=== Records for this exercise ===

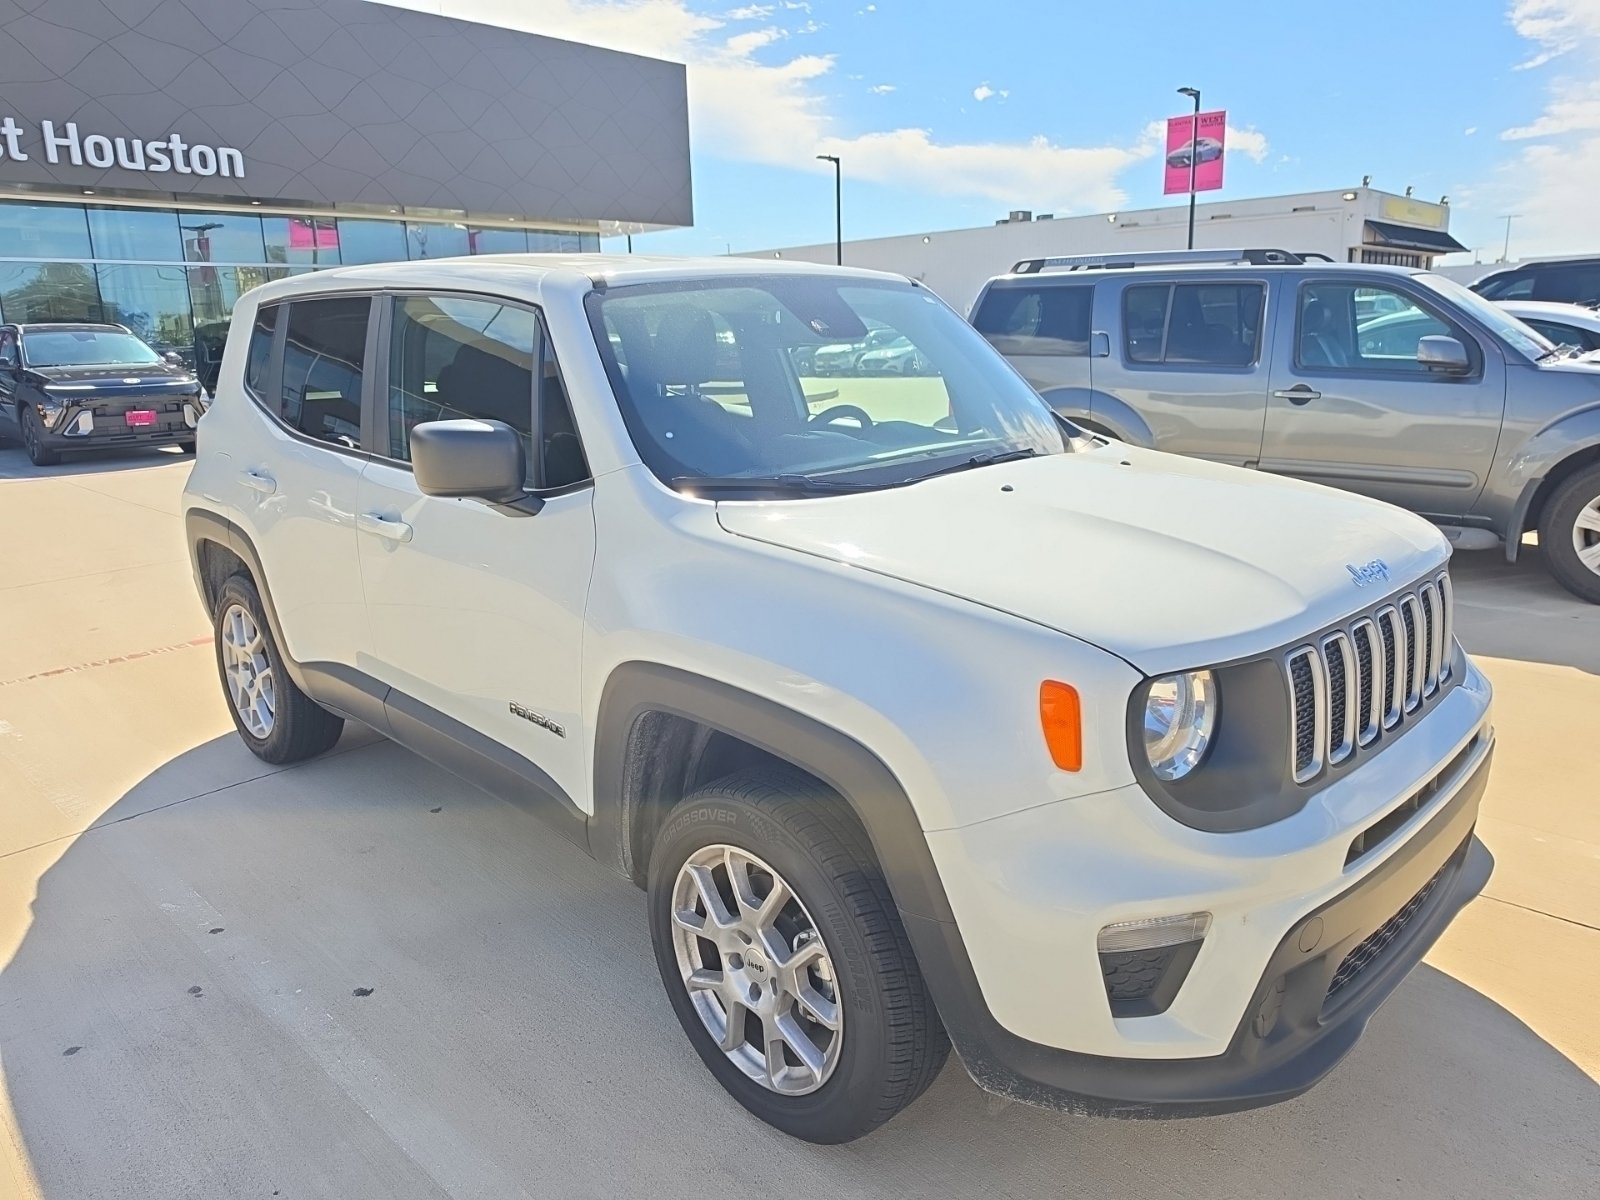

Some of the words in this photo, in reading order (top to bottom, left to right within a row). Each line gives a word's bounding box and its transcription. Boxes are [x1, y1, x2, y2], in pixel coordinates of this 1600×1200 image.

[1200, 115, 1224, 124] WEST
[0, 117, 28, 161] t
[42, 120, 245, 178] Houston
[1345, 559, 1390, 588] Jeep
[509, 700, 566, 738] RENEGADE
[663, 808, 737, 844] CROSSOVER
[746, 958, 765, 973] Jeep
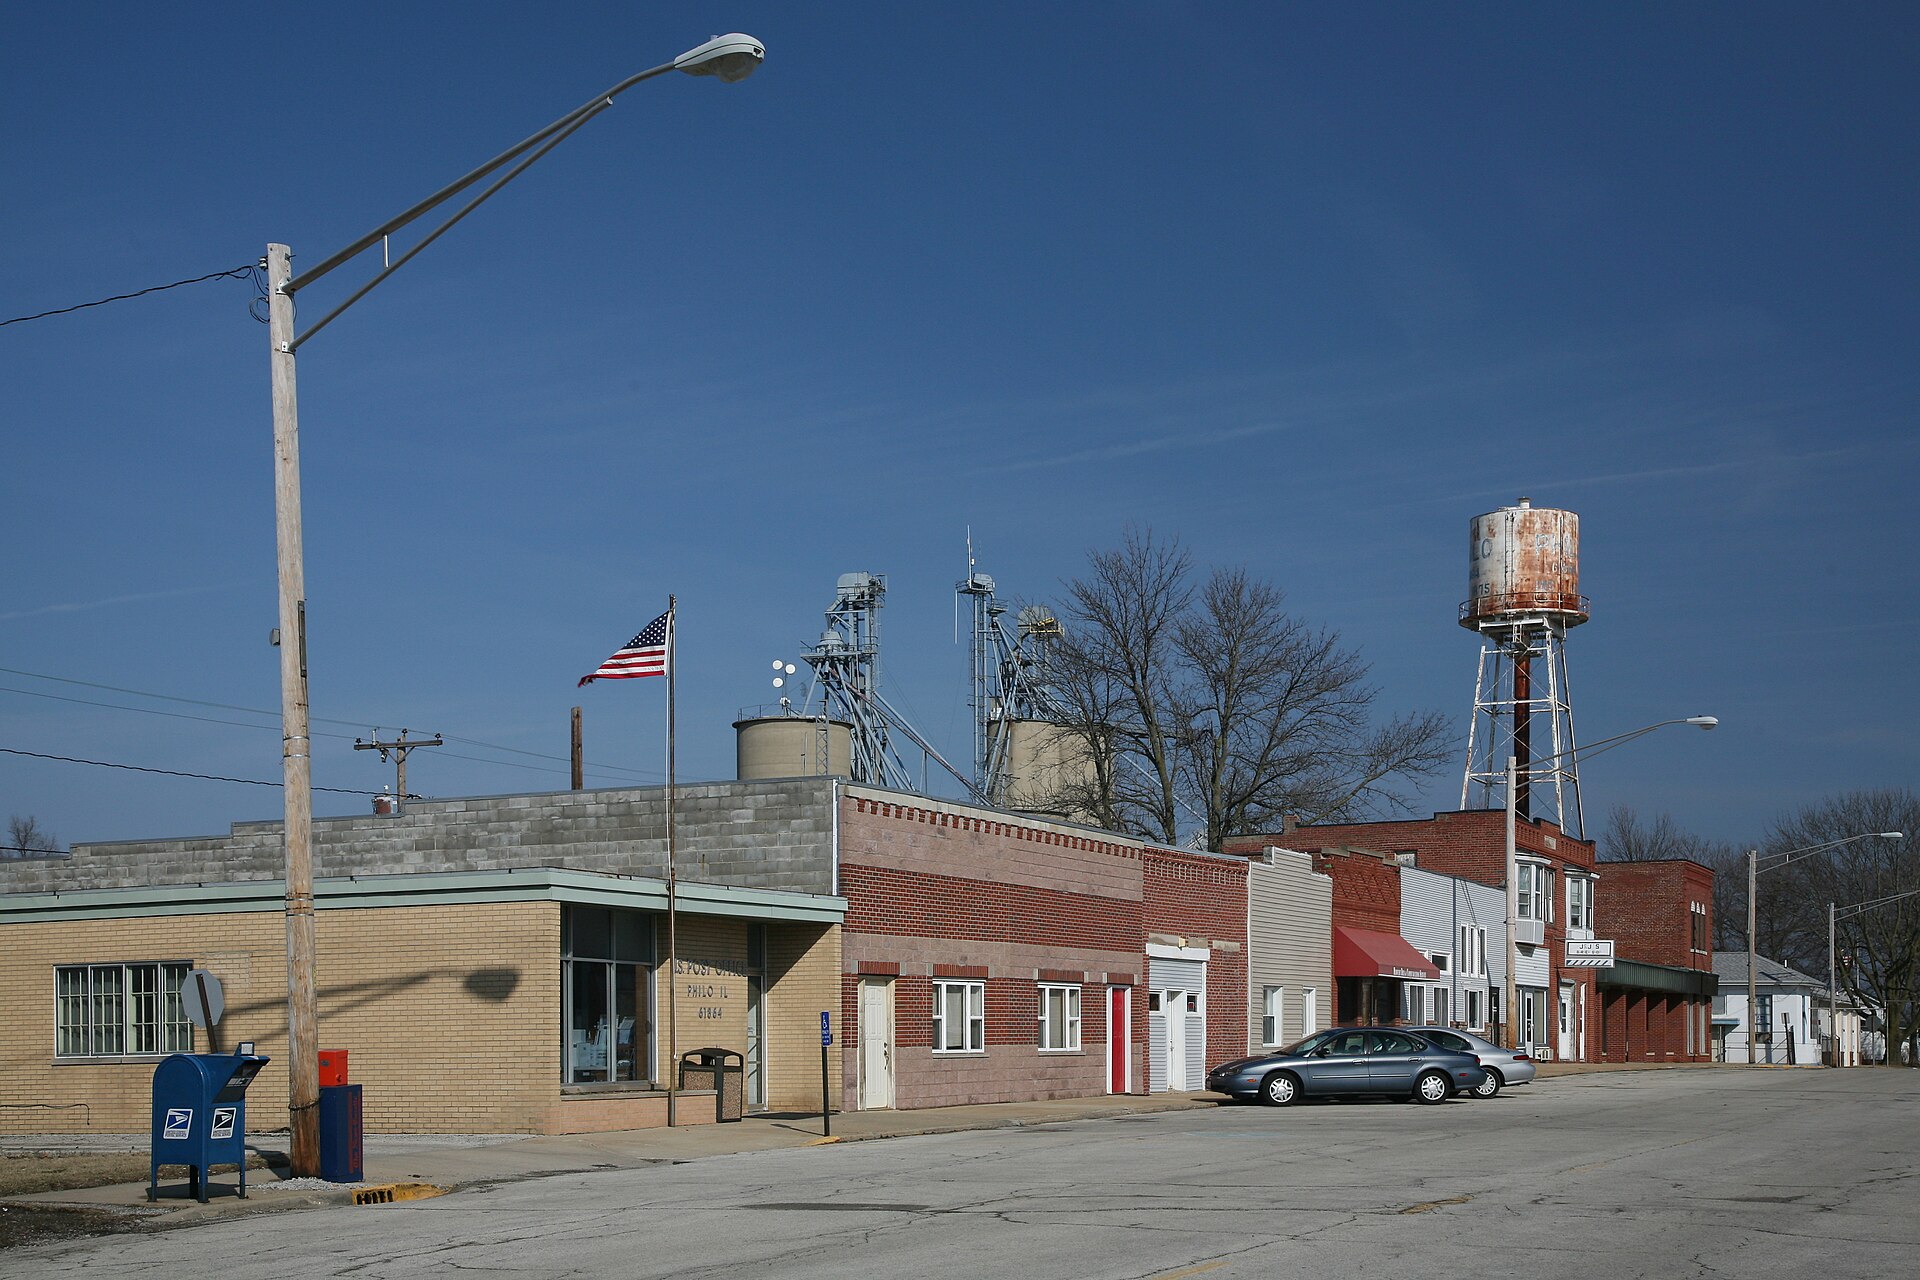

===

# What the task requires
Every line above is to be written out unchanged, with the pictures omitted.

# Response to the task
Some of the words in this photo, in reading order (top to bottom, left to right within a row). Each line gives a word's bounding box and its transcription. Boxes are [x1, y1, x2, y2], in pixel coordinates of this 1600×1200 image.

[1200, 115, 1224, 124] WEST
[0, 117, 28, 161] t
[42, 120, 245, 178] Houston
[1345, 559, 1390, 588] Jeep
[509, 700, 566, 738] RENEGADE
[663, 808, 737, 844] CROSSOVER
[746, 958, 765, 973] Jeep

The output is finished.